** Opening Input data block **
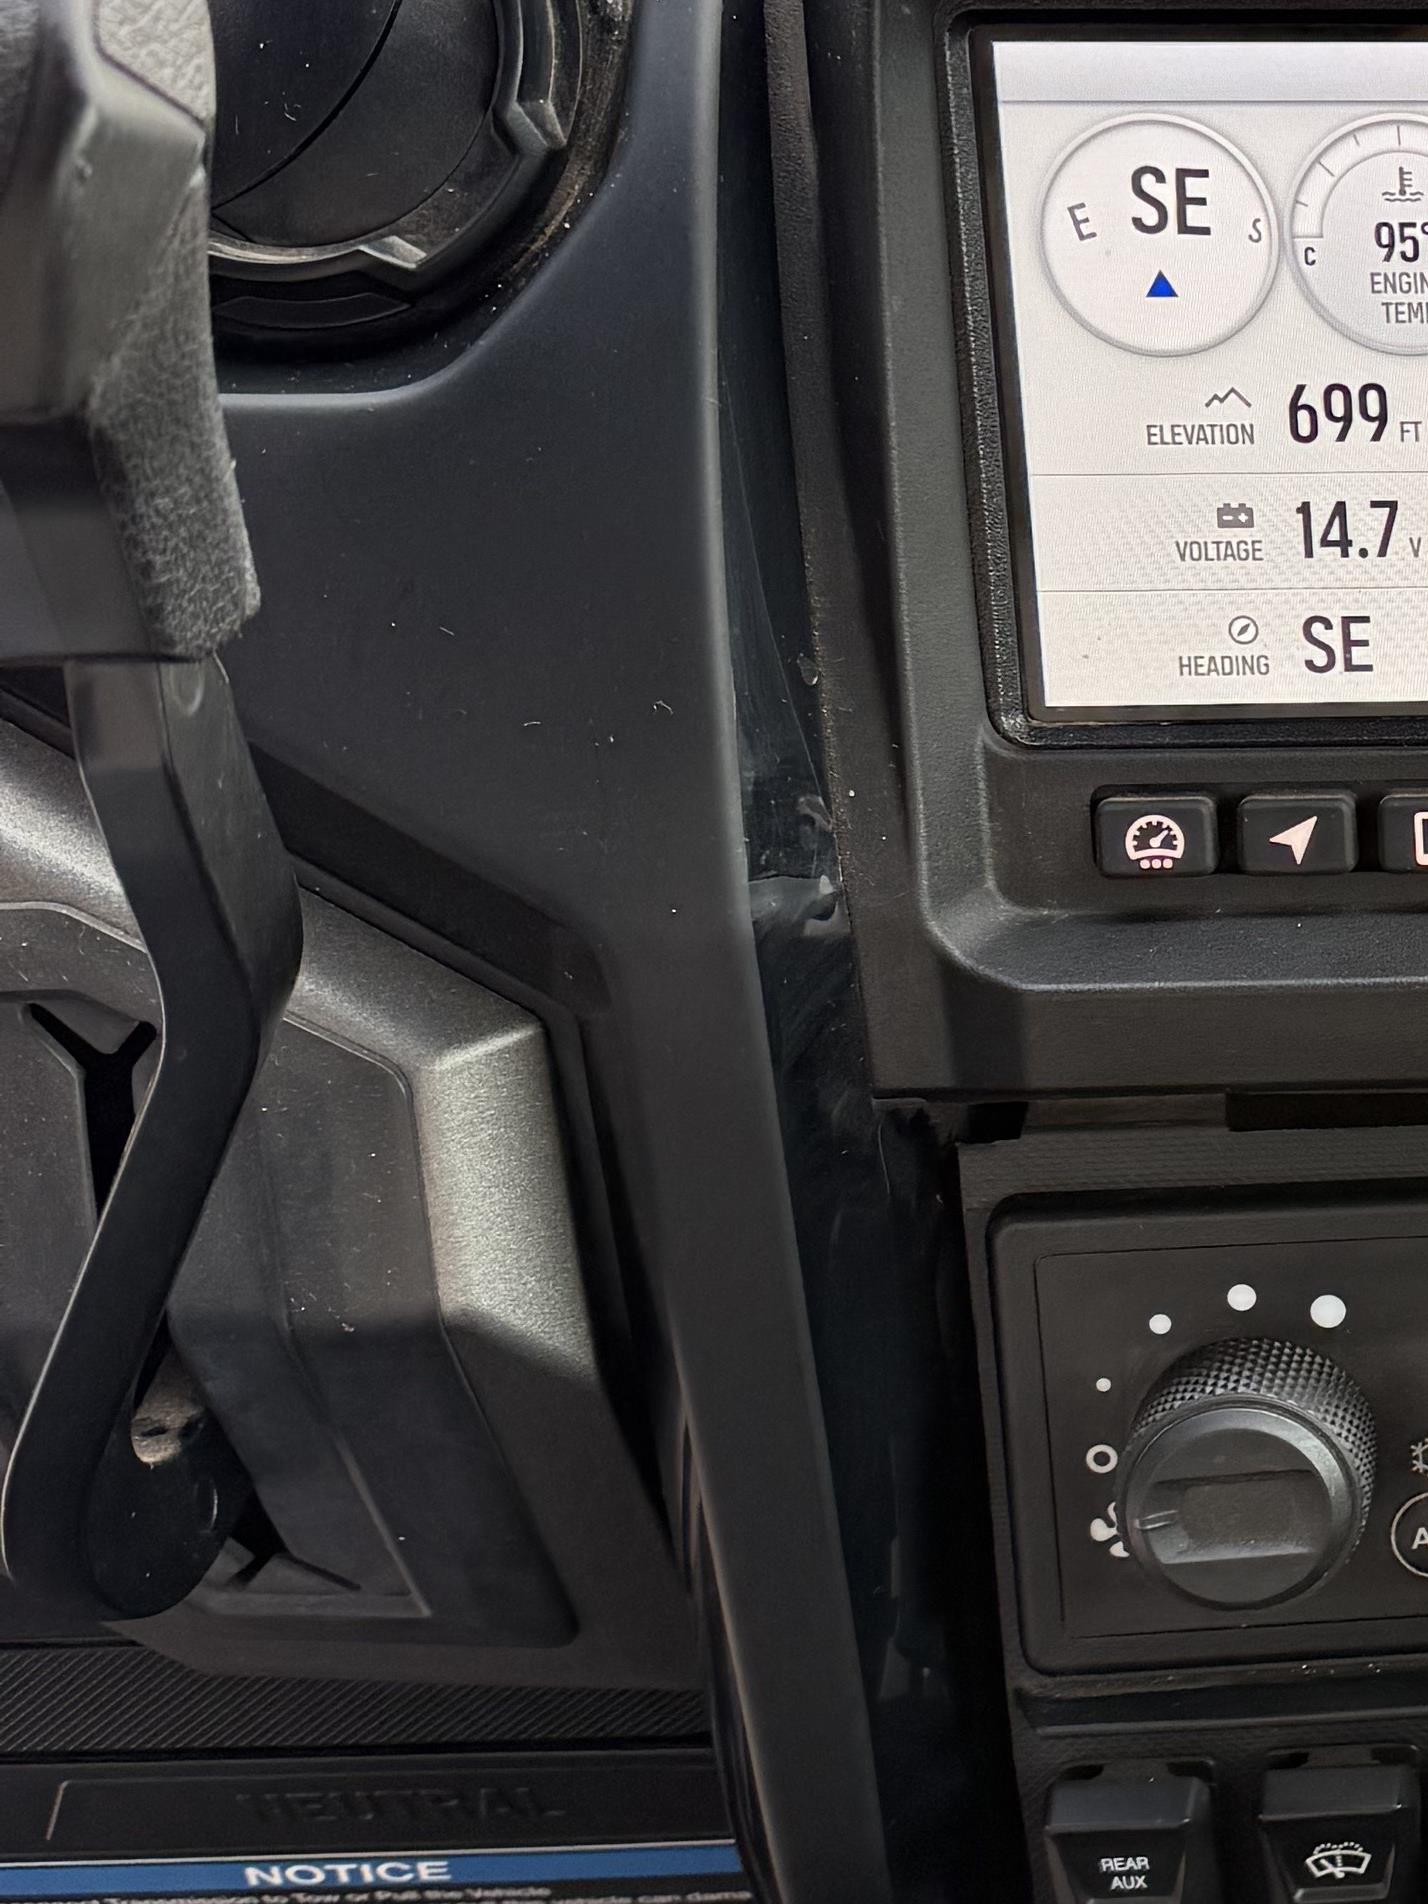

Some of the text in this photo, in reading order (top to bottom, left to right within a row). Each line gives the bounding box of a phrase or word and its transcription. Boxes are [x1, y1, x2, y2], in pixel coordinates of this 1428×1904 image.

[1131, 165, 1212, 236] SE
[1068, 202, 1098, 242] E
[1249, 215, 1265, 245] S
[1304, 246, 1317, 266] C
[1146, 382, 1423, 446] ELEVATION 699 FT
[1174, 500, 1422, 562] VOLTAGE 14.7 V
[1178, 615, 1374, 677] HEADING SE
[245, 1861, 453, 1888] NOTICE
[1100, 1856, 1151, 1872] REAR
[1110, 1875, 1148, 1891] AUX
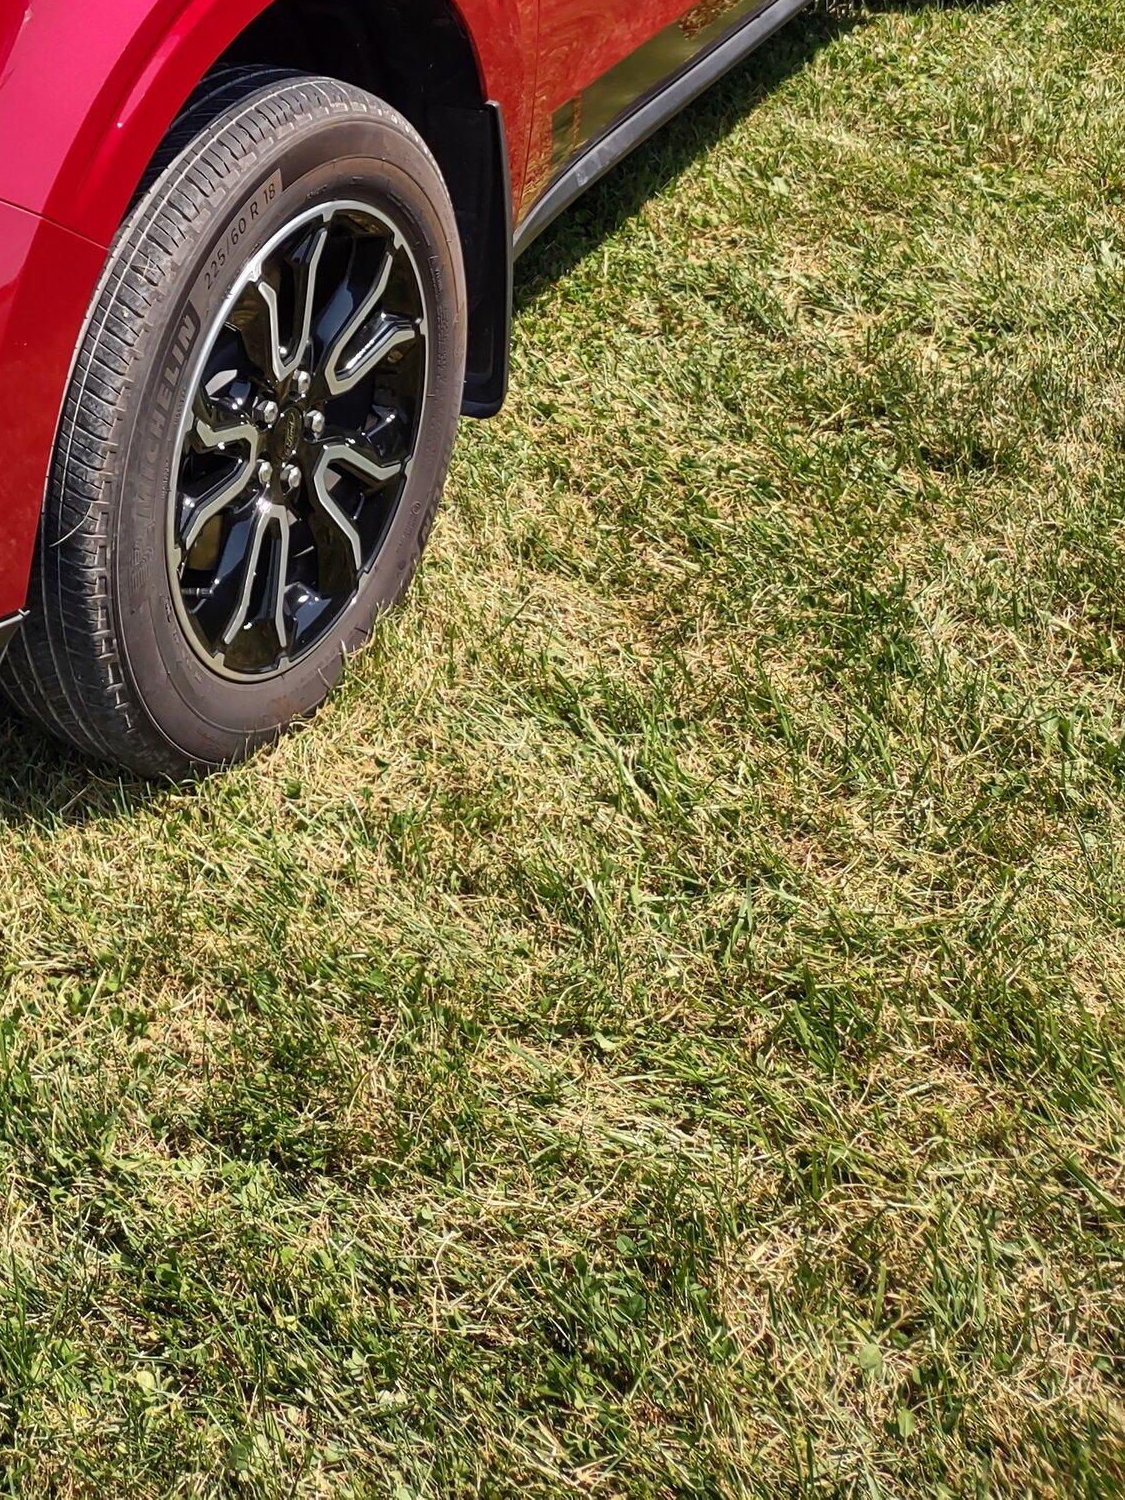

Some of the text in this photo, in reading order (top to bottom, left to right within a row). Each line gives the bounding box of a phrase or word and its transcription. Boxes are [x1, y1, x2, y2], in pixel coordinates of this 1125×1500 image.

[204, 183, 276, 290] 225/60 R 18
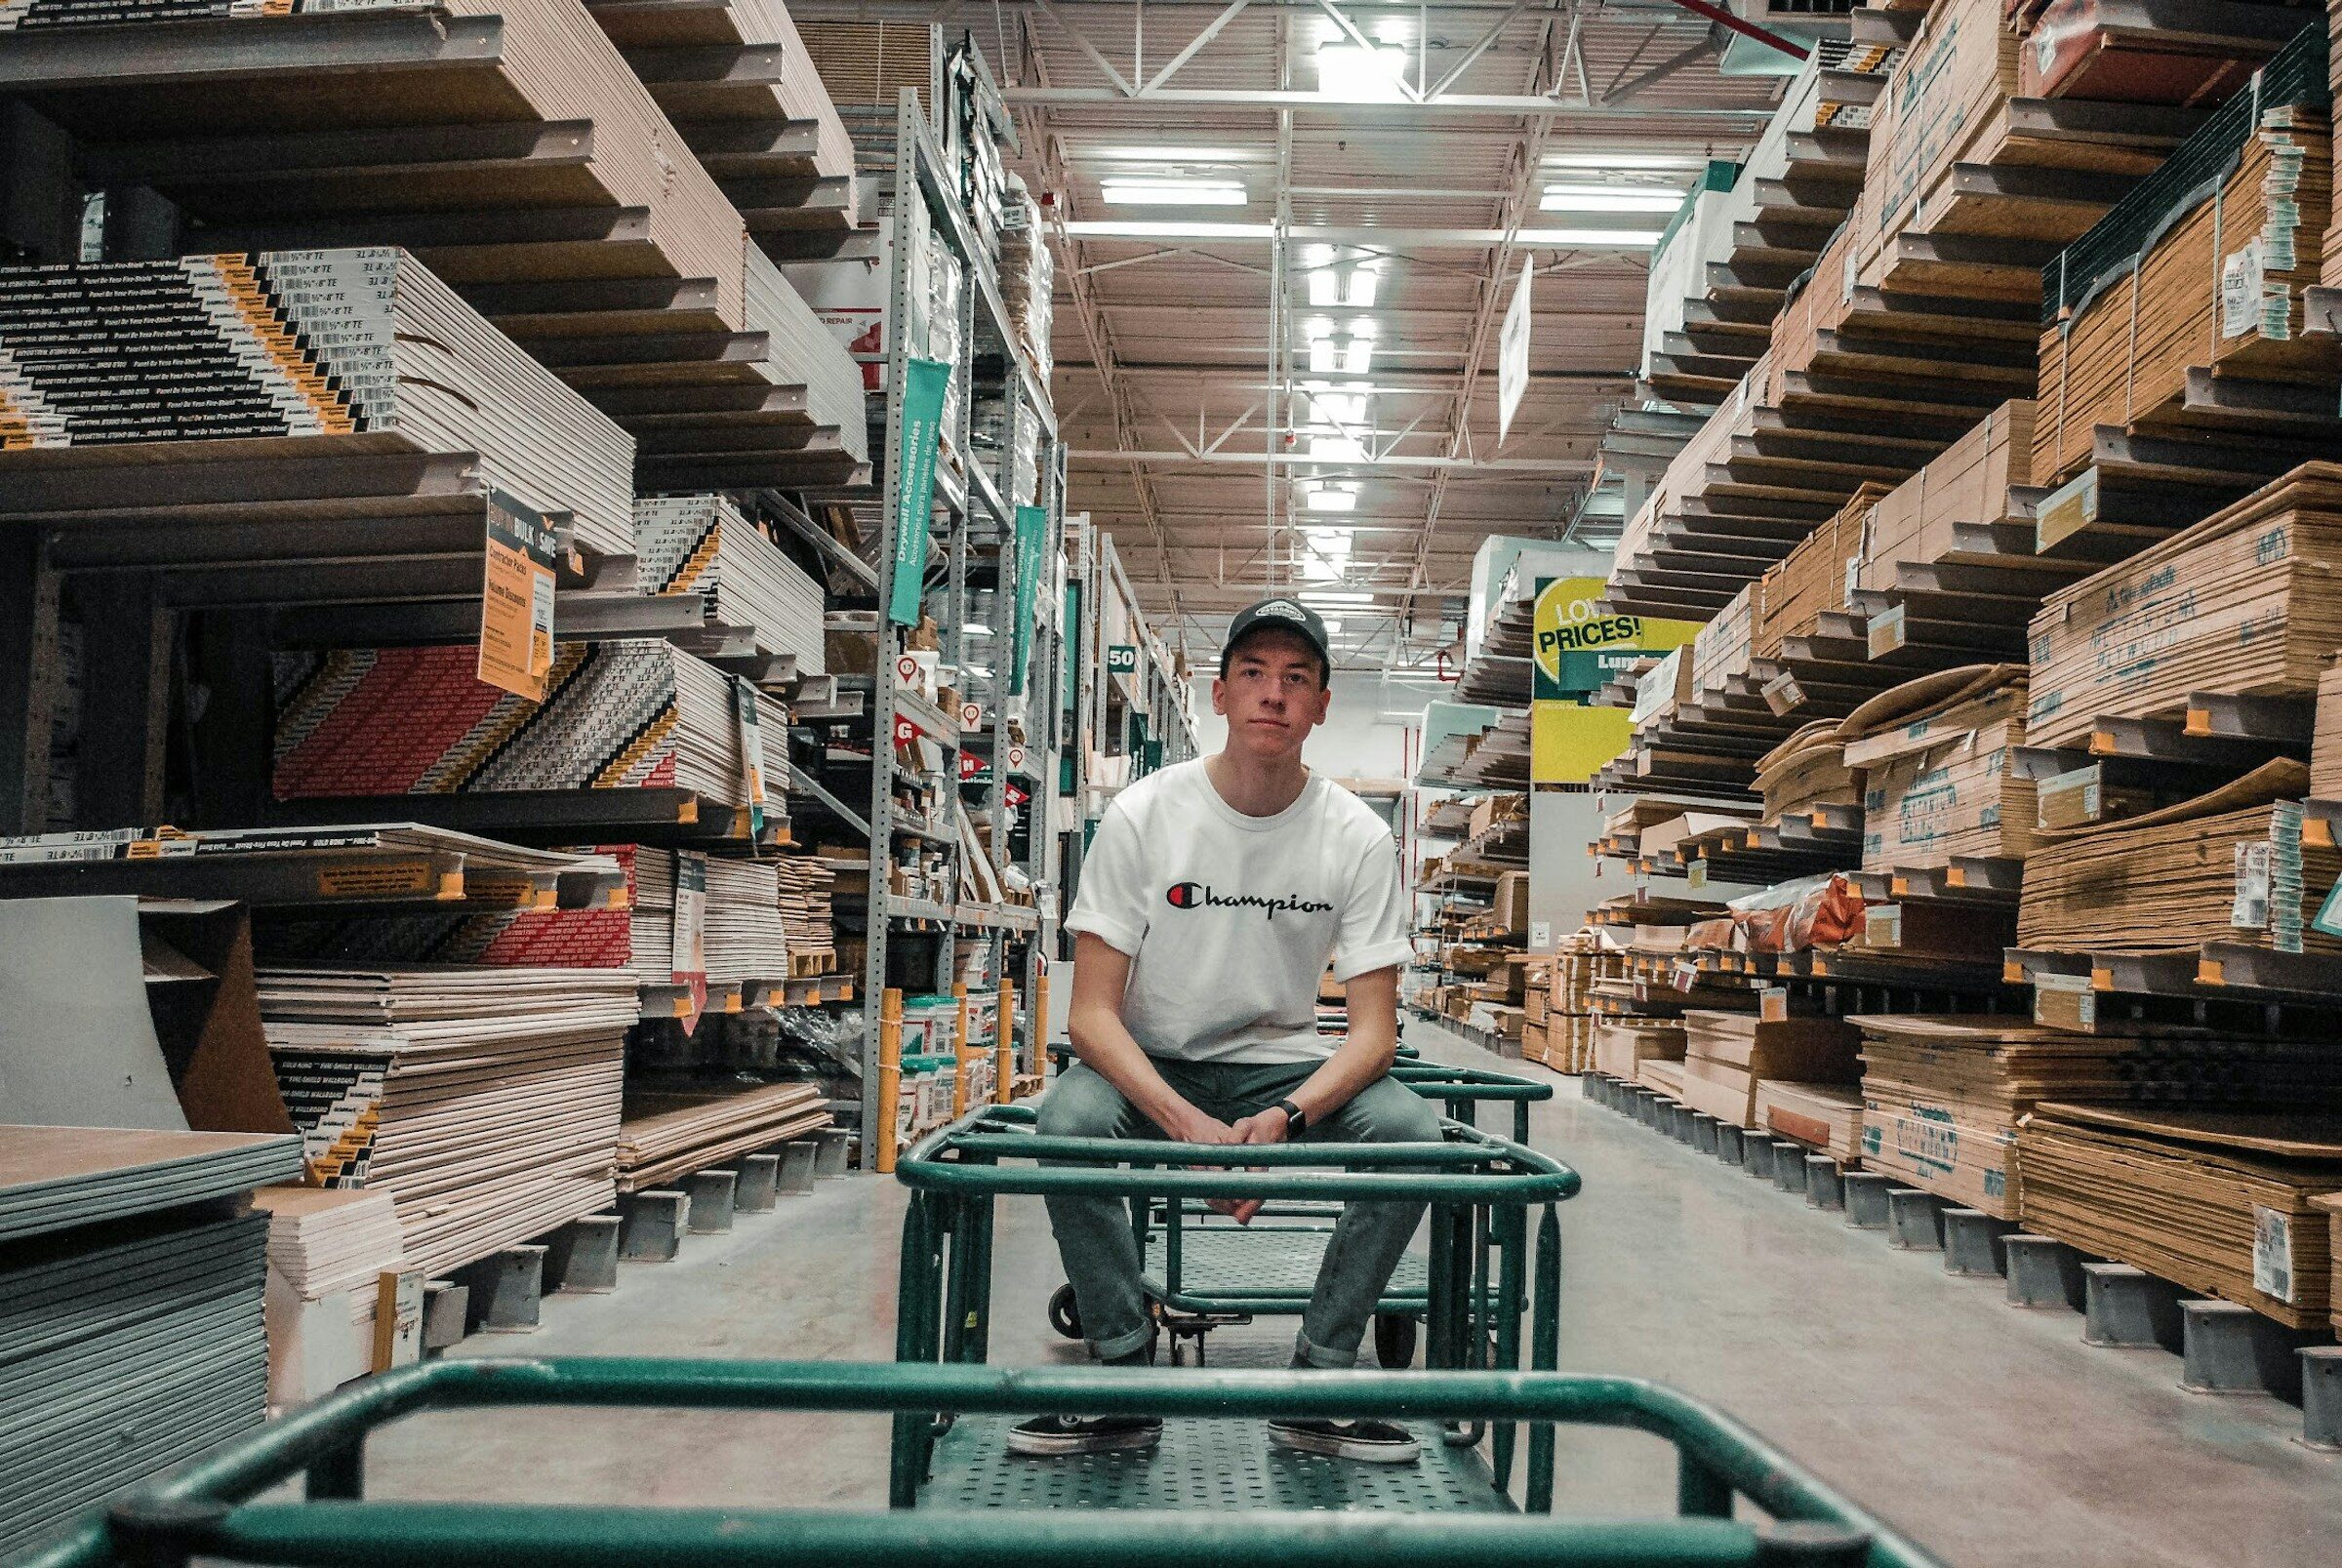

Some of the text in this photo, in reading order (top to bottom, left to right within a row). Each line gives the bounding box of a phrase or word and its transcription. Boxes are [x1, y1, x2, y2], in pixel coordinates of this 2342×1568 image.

[898, 420, 921, 563] Drywall Accessories
[909, 421, 937, 567] Accesorios para paneles de yeso
[514, 516, 535, 546] BULK
[539, 532, 557, 559] SAVE
[1538, 616, 1641, 654] PRICES!
[1109, 650, 1135, 665] 50
[897, 722, 912, 740] G
[963, 760, 974, 771] H
[1166, 881, 1334, 920] Champion
** Closing Input data block **
## Task requirements
The entries need to be restated exactly, and their pictures left out.

## Response for this exercise
Some of the text in this photo, in reading order (top to bottom, left to right within a row). Each line gives the bounding box of a phrase or word and its transcription. Boxes are [x1, y1, x2, y2], in pixel coordinates of this 1428×1904 image.

[1131, 165, 1212, 236] SE
[1068, 202, 1098, 242] E
[1249, 215, 1265, 245] S
[1304, 246, 1317, 266] C
[1146, 382, 1423, 446] ELEVATION 699 FT
[1174, 500, 1422, 562] VOLTAGE 14.7 V
[1178, 615, 1374, 677] HEADING SE
[245, 1861, 453, 1888] NOTICE
[1100, 1856, 1151, 1872] REAR
[1110, 1875, 1148, 1891] AUX

Some of the text in this photo, in reading order (top to bottom, left to right within a row). Each line gives the bounding box of a phrase or word and its transcription. Boxes are [x1, y1, x2, y2], in pixel coordinates of this 1125×1500 image.

[204, 183, 276, 290] 225/60 R 18

Some of the text in this photo, in reading order (top to bottom, left to right within a row). Each line gives the bounding box of a phrase or word and its transcription. Boxes are [x1, y1, x2, y2], in pixel coordinates of this 2342×1568 image.

[898, 420, 921, 563] Drywall Accessories
[909, 421, 937, 567] Accesorios para paneles de yeso
[514, 516, 535, 546] BULK
[539, 532, 557, 559] SAVE
[1538, 616, 1641, 654] PRICES!
[1109, 650, 1135, 665] 50
[897, 722, 912, 740] G
[963, 760, 974, 771] H
[1166, 881, 1334, 920] Champion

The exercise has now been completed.